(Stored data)
*** Block opens ***

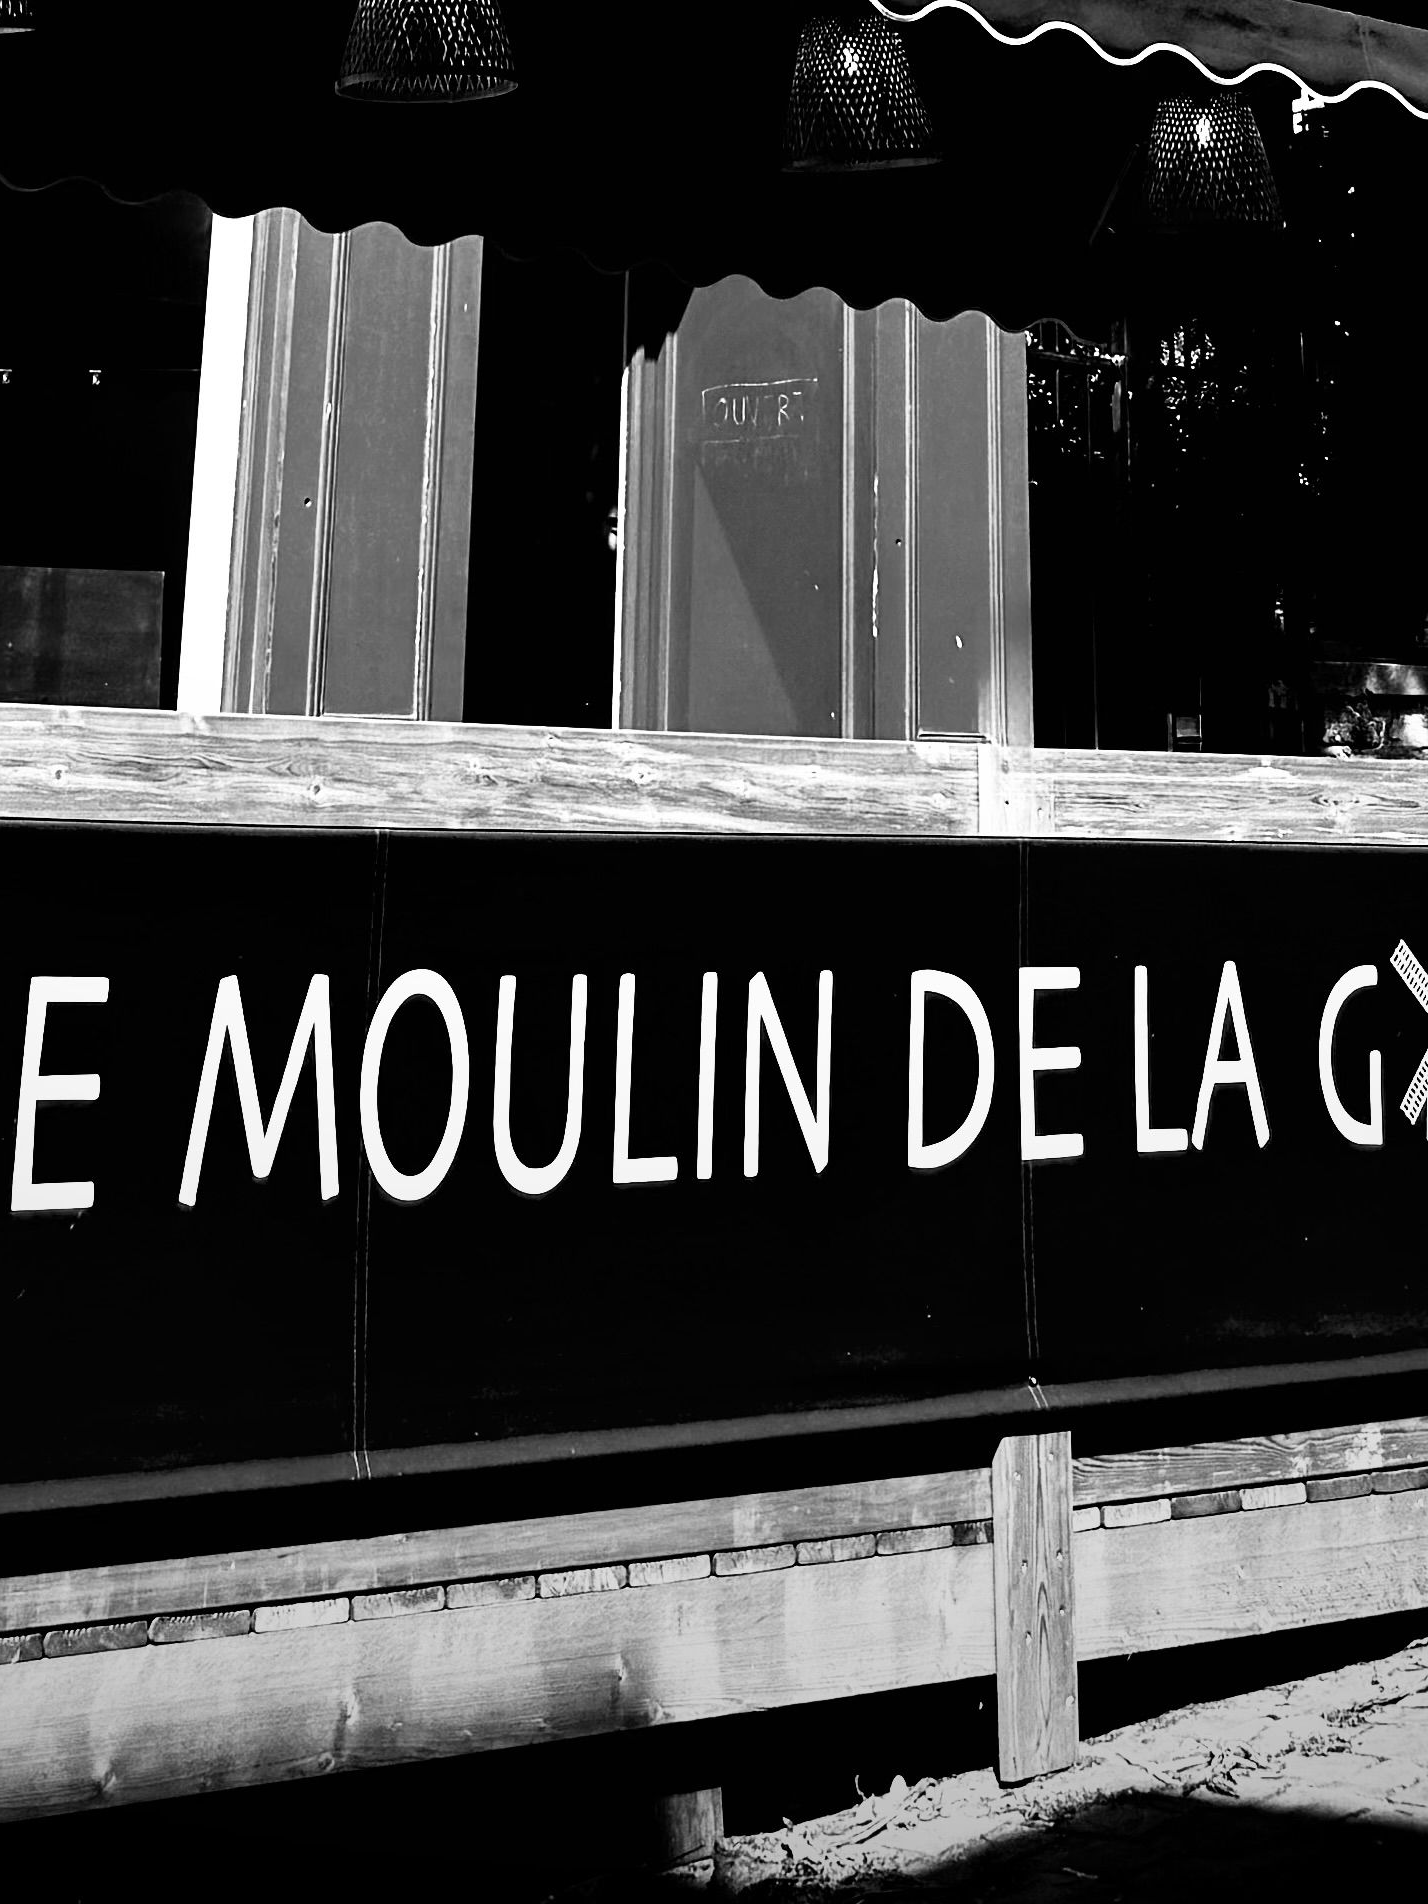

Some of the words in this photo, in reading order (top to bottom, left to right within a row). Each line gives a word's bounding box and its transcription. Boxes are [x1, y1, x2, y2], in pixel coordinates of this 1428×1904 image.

[713, 391, 805, 429] OUVR
[178, 968, 834, 1207] MOULIN
[907, 966, 1085, 1169] DE
[1134, 960, 1270, 1153] LA
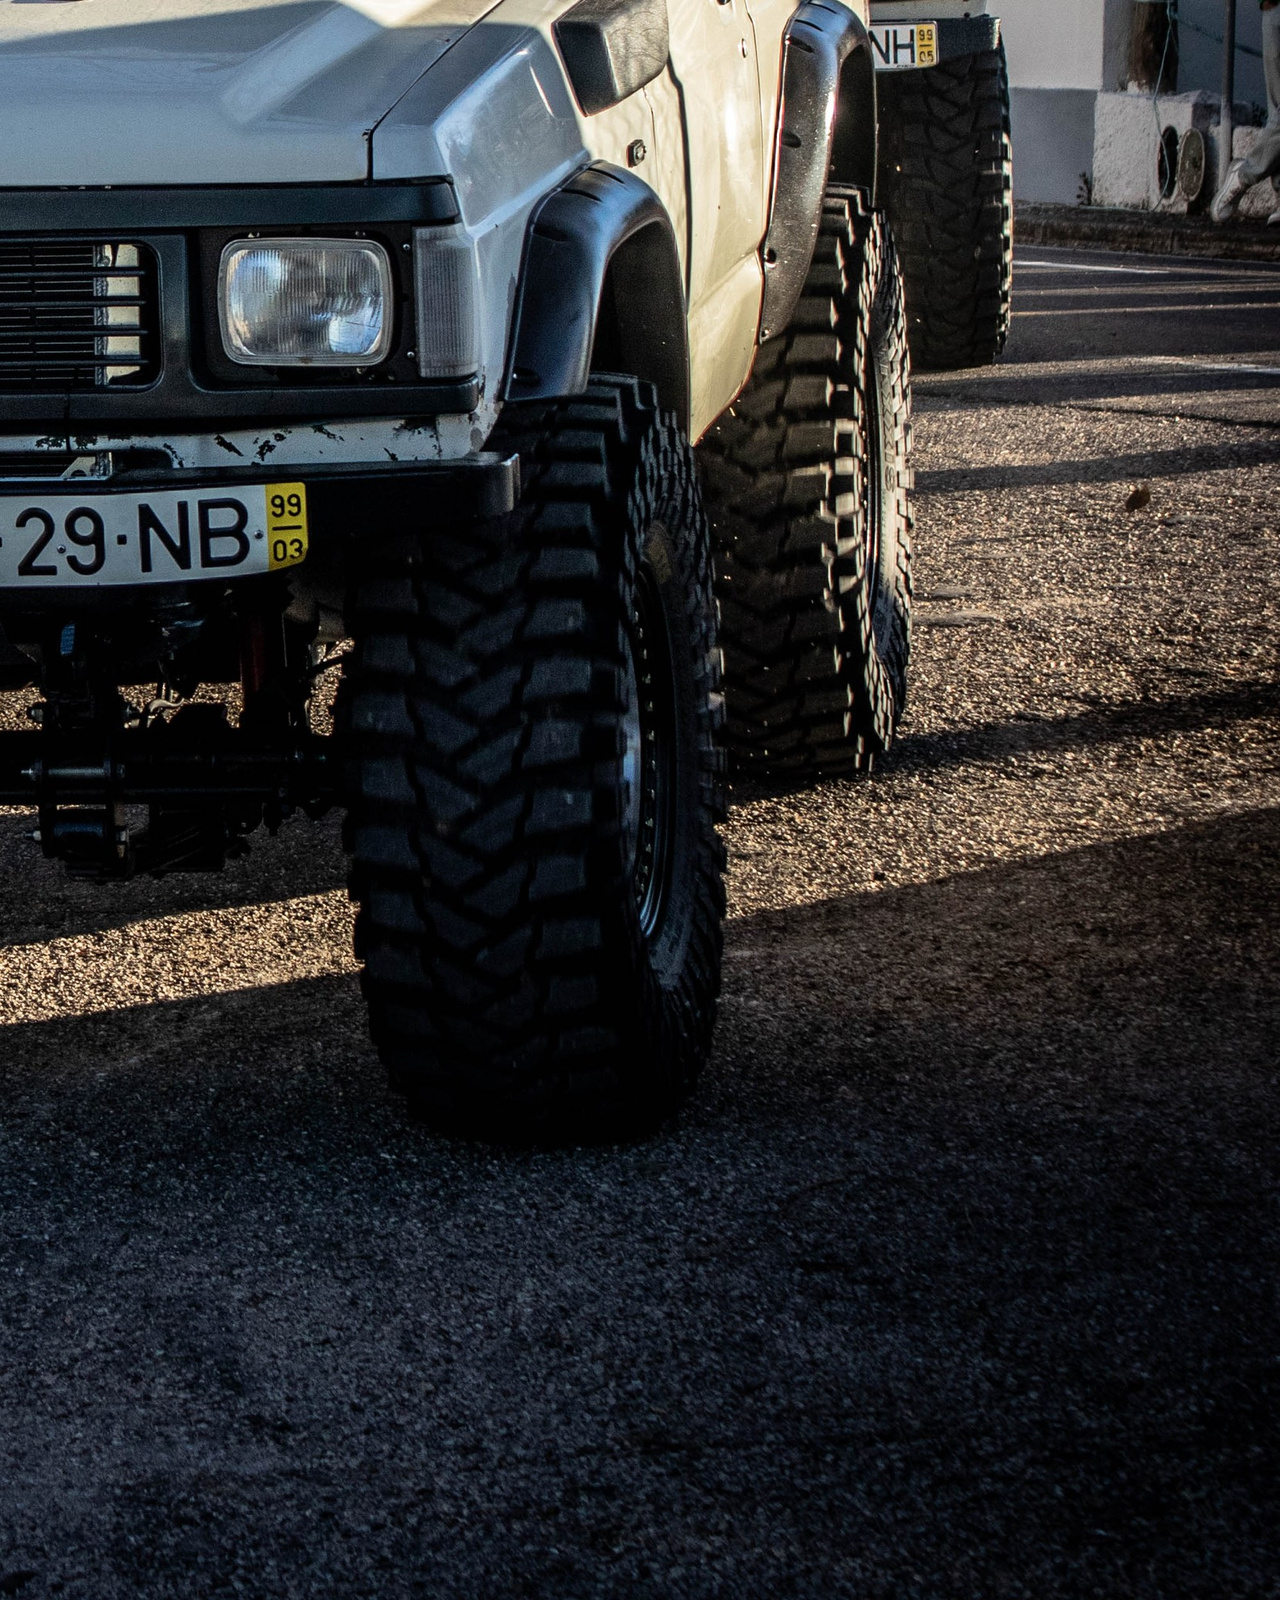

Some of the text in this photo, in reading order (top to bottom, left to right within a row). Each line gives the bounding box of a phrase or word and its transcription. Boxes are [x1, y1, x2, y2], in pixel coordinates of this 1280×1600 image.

*** Block closes ***

*GOAL OF THE EXERCISE*.
Retype the records verbatim, excluding each image they hold.

*EXERCISE RESULT*.
Some of the words in this photo, in reading order (top to bottom, left to right within a row). Each line gives a word's bounding box and its transcription. Boxes are [x1, y1, x2, y2], in pixel coordinates of this 1428×1904 image.

[713, 391, 805, 429] OUVR
[178, 968, 834, 1207] MOULIN
[907, 966, 1085, 1169] DE
[1134, 960, 1270, 1153] LA

Some of the text in this photo, in reading order (top to bottom, left to right within a row). Each line gives the bounding box of a phrase or word and its transcription. Boxes are [x1, y1, x2, y2], in pixel coordinates of this 1280×1600 image.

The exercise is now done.